Pada tengah malam, gadis itu berjalan masuk ke gang rumahnya. Sebenernya sangat beresiko sekali untuk kembali kerumahnya mengingat mungkin rumahnya dalam pantauan polisi. Tetapi, entah kenapa dia harus pergi ke rumah itu. Dia ingin berbicara dari hari ke hati bersama dengan Arwah Wagiyem yang dia yakini ada di rumah itu.

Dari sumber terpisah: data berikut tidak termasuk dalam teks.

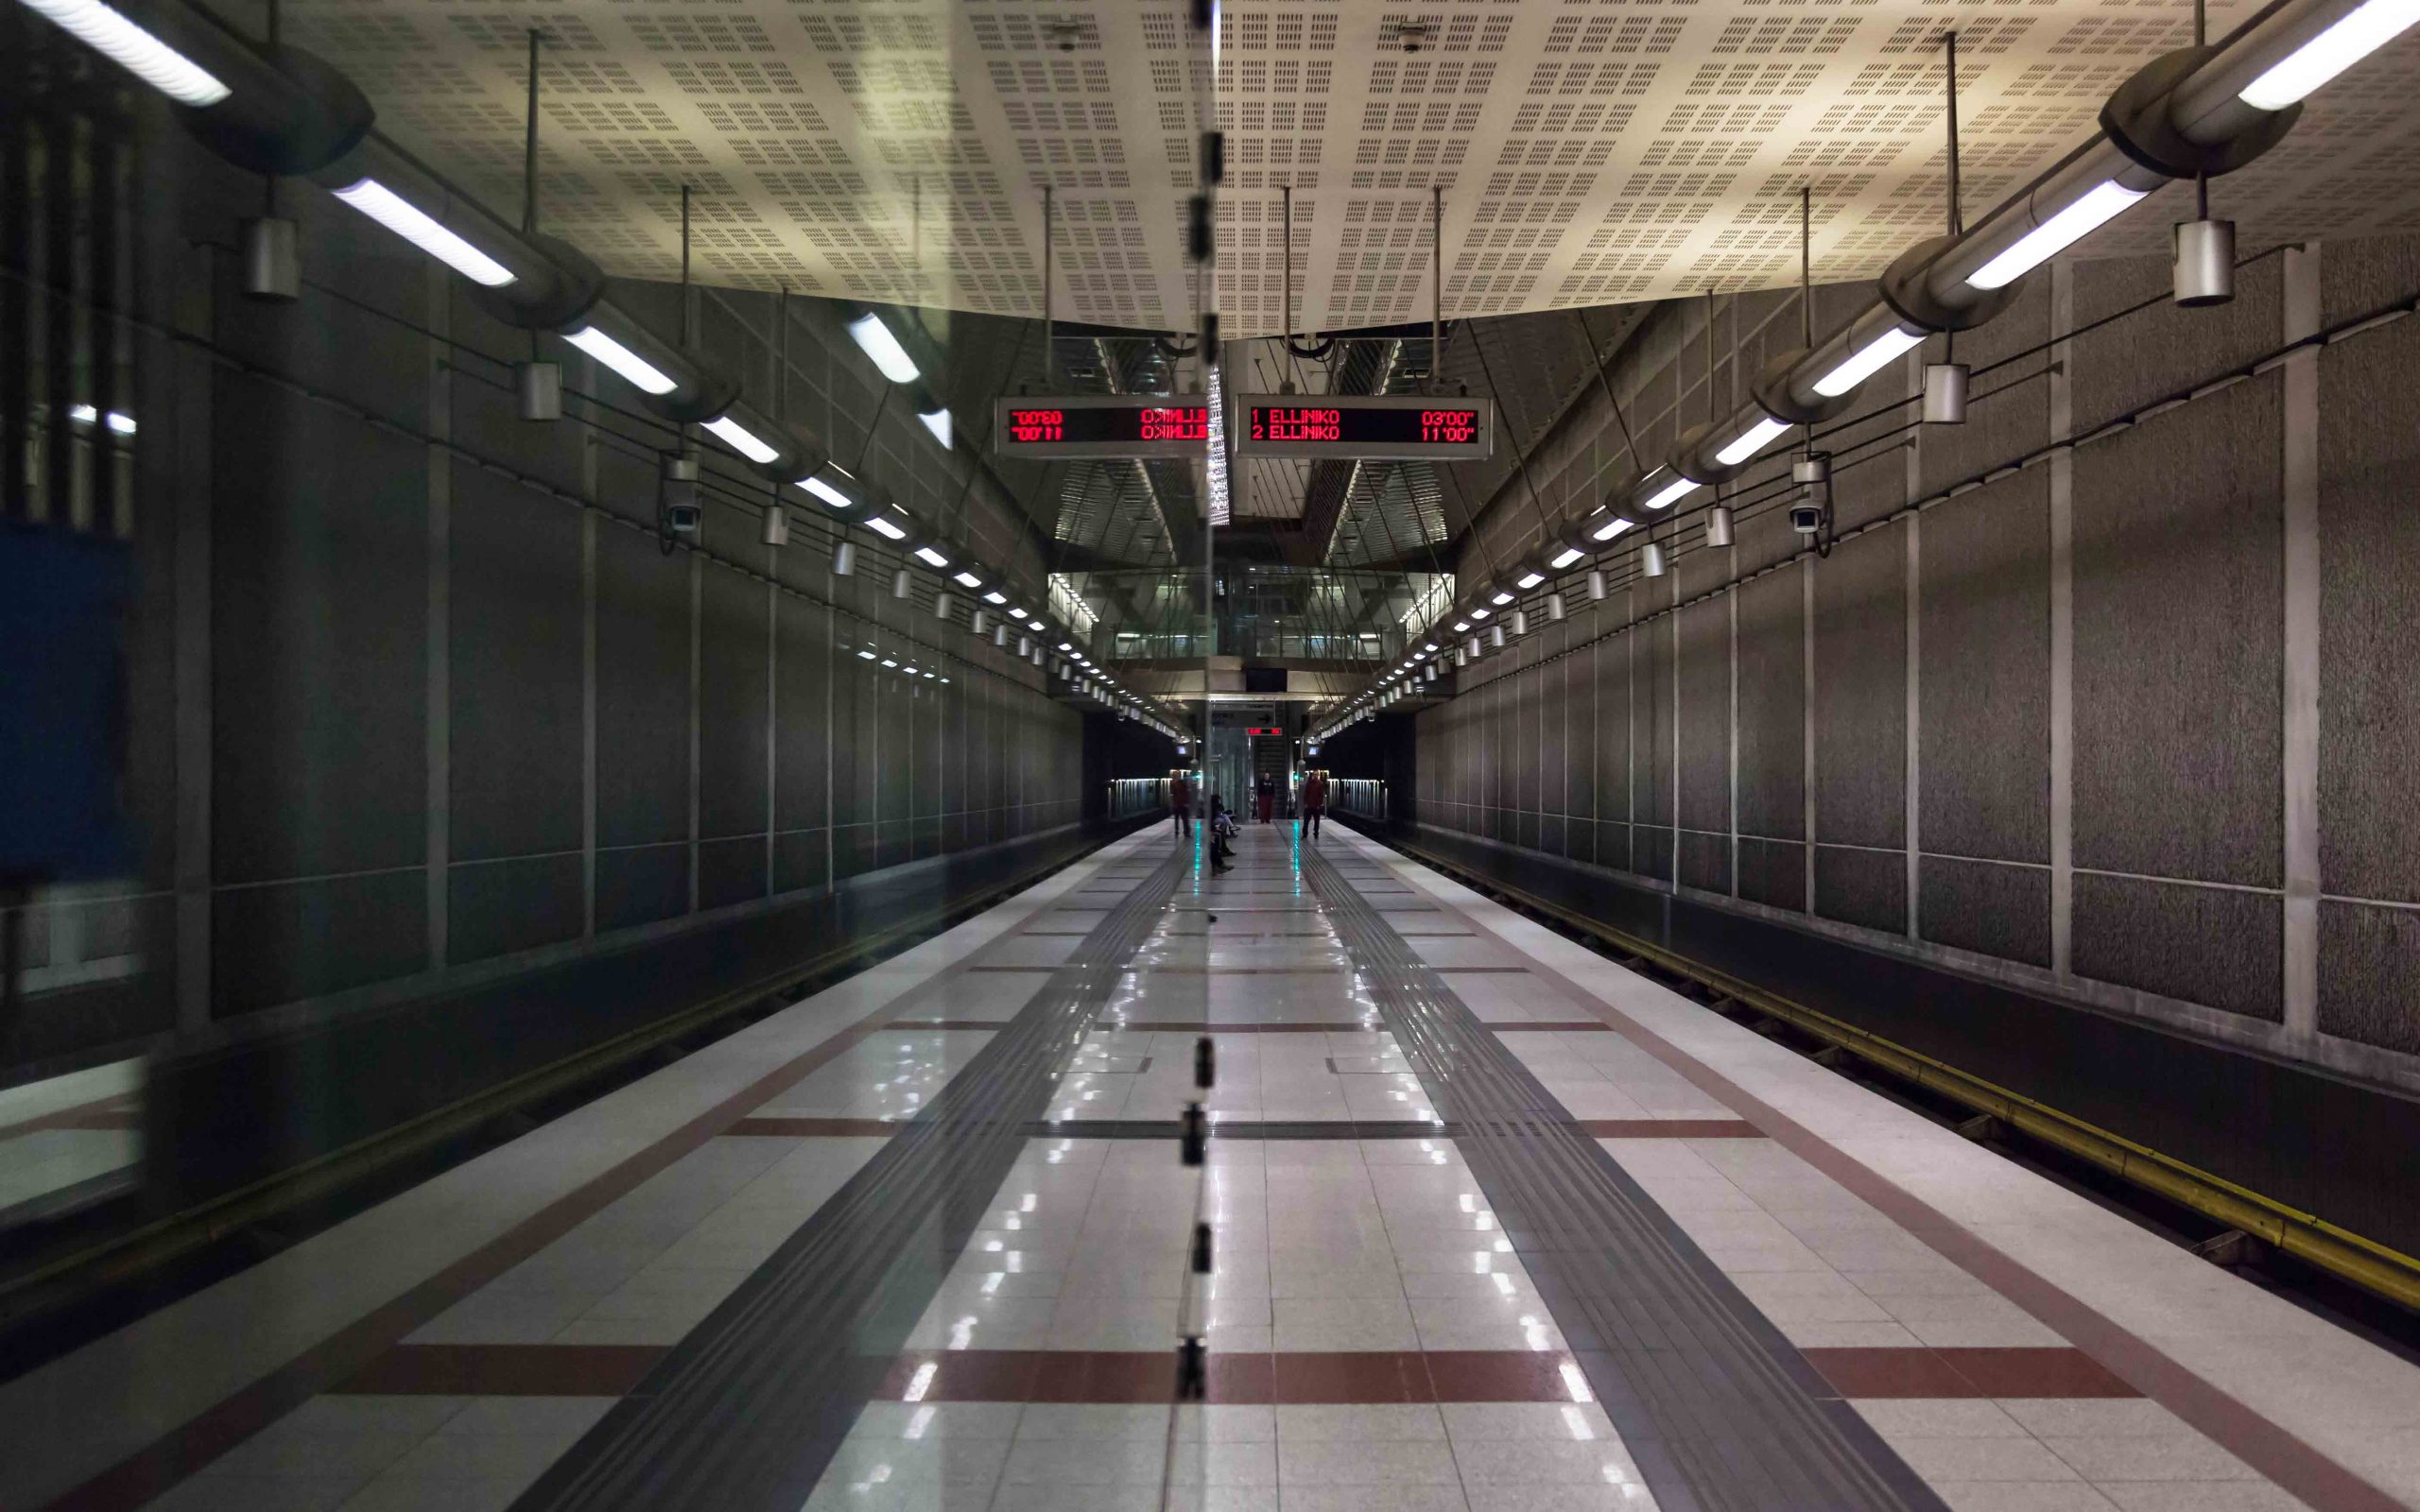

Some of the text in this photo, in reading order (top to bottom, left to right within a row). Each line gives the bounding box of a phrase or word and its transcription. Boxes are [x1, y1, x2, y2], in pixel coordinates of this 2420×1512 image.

[1252, 409, 1475, 425] 1 ELLINIKO 03'00"
[1252, 424, 1475, 441] 2 ELLINIKO 11'00"

Begitu sampai di depan rumahnya, gadis itu terdiam. bagaikan ribuan paku yang menancap di jantungnya, saat menyaksikan rumah itu hancur karena kebakaran. Dia melangkah secara perlahan memasuki pelataran rumahnya. Bahkan asap masih menyembul di beberapa tempat menandakan bahwa tempat itu baru saja habis kebakaran.
Raflina terduduk. Dia menutup wajahnya dengan kedua telapak tangannya. Dia terisak. Perih rasanya melihat rumah yang dia tempati bertahun-tahun itu harus hancur seketika. siapa yang tega melakukan ini semua? Kenapa tidak ada warga yang membantu memadamkannya?
Meskipun jarak rumahnya cukup berjauhan dengan para tetangganya. Tetapi seakan mereka tutup mata dengan kebakaran di rumah itu. bagi mereka, pantas rumah pembunuh itu kebarakan. Kalau pergi pembunuhnya sekalian!
Raflina semakin terisak dalam tangisnya. Pundaknya bergetar. Sungguh perih luka yang dialami sehingga menghujam rasanya yang sebenernya hampir mati.
Sementara dari atas pohon terlihat sosok mengerikan berkebaya merah itu menyaksikan Raflina yang sedang dirundung kesedihan, sama seperti dirinya yang terus menangis dengan suara yang lirih yang mampu menegakan bulu roma setiap orang yang mendengarkannya. Sosok itu lantas terbang turun ke arah Raflina. Mengelus-elus pundaknya, menenangkan hati gadis itu.